To recap, I thus attended the BIRS-CMI workshop 25w5482 at the Chennai Mathematical Institute, Navalur, Tamil Nadu, in early July, for being intrigued by the developments around the concept. And enjoyed the week, from partaking in the company of friendly and enthusiastic academics to the exposure of new views and concepts, mostly remote from mine’s. Recall that an e-value attached to an hypothesis H described as a collection of distributions is a non-negative random variable E with expectation less than 1 for E~Q and all Q ∈ H. When a stopping rule is involved, the e-value is extended into an e-process. (Beyond Aaditya Ramdas’ E-book, Ruodu Wang also wrote a “tiny” review.) Aaditya Ramdas recalled in his introduction of the workshop that e-values are fundamentally equivalent to p-values and confidence intervals. And that a confidence sequence is a sequence of confidence intervals that contains the true value for all time steps t’s with a probability of at least 1-α.

The talks reflected a general belief in α levels and in Neyman-Pearsonian likelihood ratio optimality in simple vs simple settings, considering extension for sequential analysis settings, anytime inference, universality under general alternatives, and connections with FDRs, incl.
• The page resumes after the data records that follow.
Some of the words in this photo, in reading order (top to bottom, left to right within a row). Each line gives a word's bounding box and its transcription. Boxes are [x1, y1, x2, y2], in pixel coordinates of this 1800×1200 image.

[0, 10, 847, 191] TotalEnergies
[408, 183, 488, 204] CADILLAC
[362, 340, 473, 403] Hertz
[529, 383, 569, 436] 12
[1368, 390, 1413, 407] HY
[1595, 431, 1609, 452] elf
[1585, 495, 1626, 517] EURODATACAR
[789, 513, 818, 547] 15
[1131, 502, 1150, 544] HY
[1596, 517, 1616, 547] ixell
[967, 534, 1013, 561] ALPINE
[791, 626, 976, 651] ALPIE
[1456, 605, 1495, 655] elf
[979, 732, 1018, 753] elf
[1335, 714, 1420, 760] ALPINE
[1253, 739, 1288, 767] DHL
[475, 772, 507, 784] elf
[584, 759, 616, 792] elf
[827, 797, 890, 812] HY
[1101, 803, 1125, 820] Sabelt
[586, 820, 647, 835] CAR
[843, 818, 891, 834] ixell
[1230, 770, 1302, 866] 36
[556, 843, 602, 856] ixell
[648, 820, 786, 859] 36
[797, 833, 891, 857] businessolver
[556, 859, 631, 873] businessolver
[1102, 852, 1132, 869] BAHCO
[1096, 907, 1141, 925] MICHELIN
Benjamini & Hochberg solution, but pointed out a lack of middle ground between frequentists and Bayesians.

“e-values have a clear interpretation in terms of betting and are closely related to likelihood ratios and other Bayes factor. At the same time, e–values do not require prior distributions conditional on the null and alternative hypotheses”
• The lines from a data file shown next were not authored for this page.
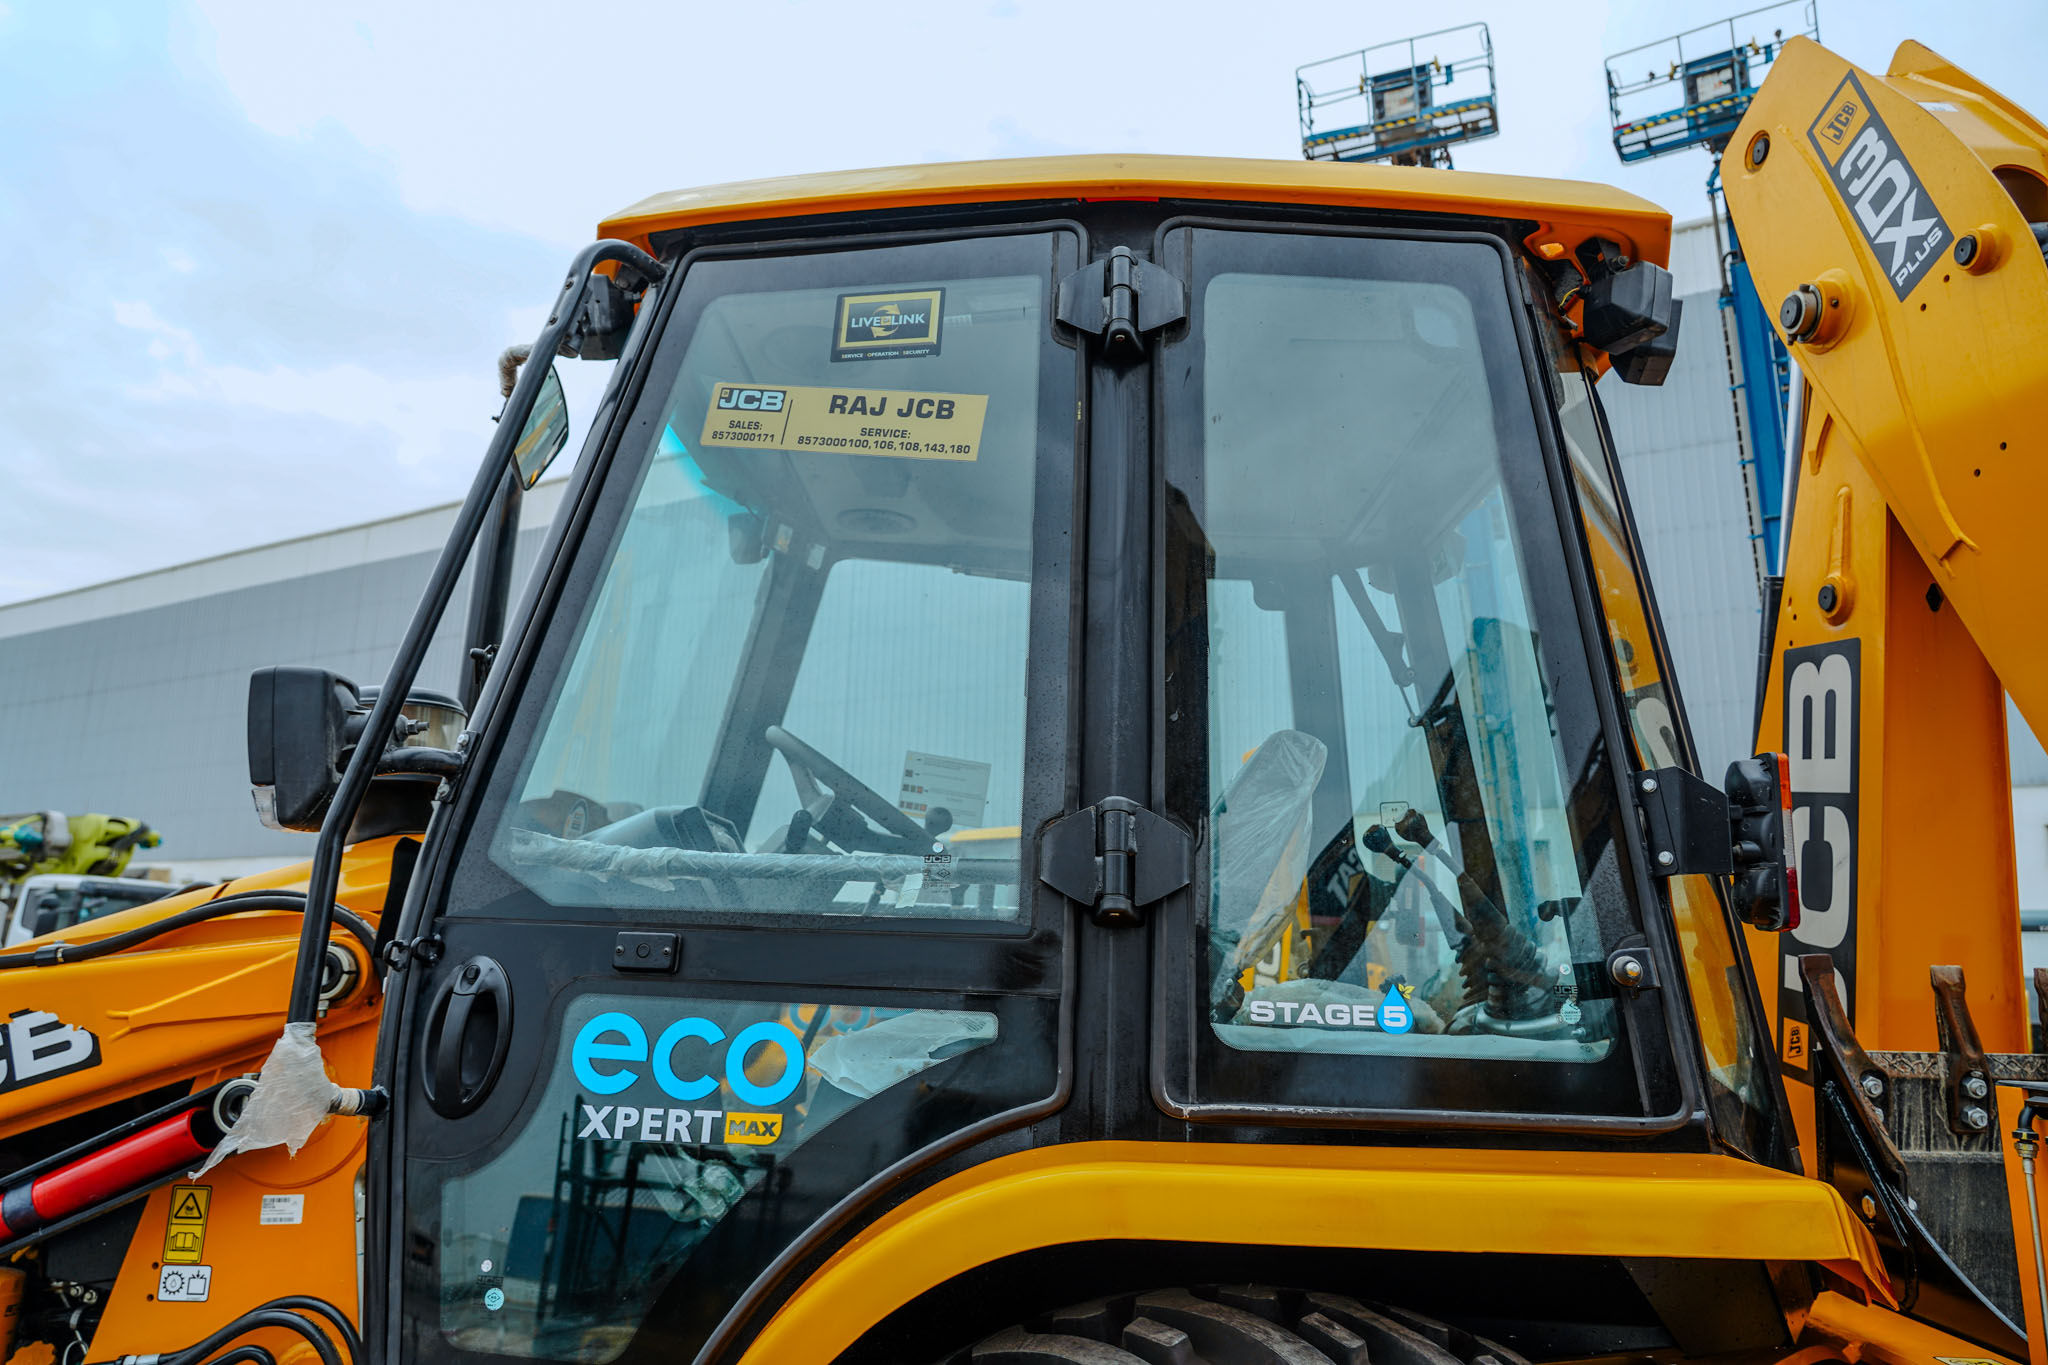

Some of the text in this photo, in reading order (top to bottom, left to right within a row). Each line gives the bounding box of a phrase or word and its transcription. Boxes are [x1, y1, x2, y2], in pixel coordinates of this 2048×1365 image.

[1824, 104, 1855, 141] JCB
[1895, 226, 1943, 287] PLUS
[851, 313, 925, 328] LIVE LINK
[719, 389, 956, 420] JCB RAJ JCB
[712, 430, 971, 455] 8573000171 8573000100,106,108,143,180
[729, 420, 911, 439] SALES: SERVICE:
[1250, 1000, 1408, 1028] STAGE 5
[1791, 1028, 1801, 1054] JCB
[571, 1012, 805, 1106] eco
[577, 1105, 779, 1144] XPERT MAX
Although David R. Bickel attempted a Bayesian version, using a marginal likelihood ratio within betting settings, that is an incoming American Statistician paper. I may have being missing some aspects due to a lack of sleep the night before (!), but I find the attempt resulting in a fairly unusual vision of Bayesian testing as either not depending on any parameter or on the opposite using a family of priors. I did not understand either the “criticism” that the predictive depends on the prior and felt that this representation was bending in a rather onsiderable way the Bayesian perspective towards achieving a certain degree of agreement with p– and e-value notions, to conclude that the Bayes factor is an e-value. (As an aside, this may be the first paper that cited our critical review of Aitkin! Similarly, Shubhada Agrawal mentioned Roger Farrell in his talk, with whom we wrote a complete class Annals paper in the late 1980’s.) Nikos Ignatiadis also explored Empirical Bayes e-values, while Ben Chugg gave a presentation (constrained) admissibility, albeit under type-I error constraints that makes Bayes infeasible and using Neyman-Pearsonian loss functions. On the last day, Peter Grünwald tried for some BFF cohesion with openings on e-posteriors, treating hypothesis testing losses symmetrically, defining it as an inverse of e-values but incorporating pseudo-posteriors of many flavours like confidence, inferential, and fiducial distributions. He also mentioned a Savage-Dickey version while using an arbitrary prior, which is also an e-value, but with upper & lower meanings, again with measure issues

Given the hosting of the workshop in the Chennai Mathematical Institute, which is quite far from the centre of town (much closer to Mahabalipuram!), I did not visit Chennai but enjoyed the South Indian cuisine (albeit missing some fierceness in the spices!) and local fruits from street stands, if being sorry I could not find cocoa pods from nearby Kerala.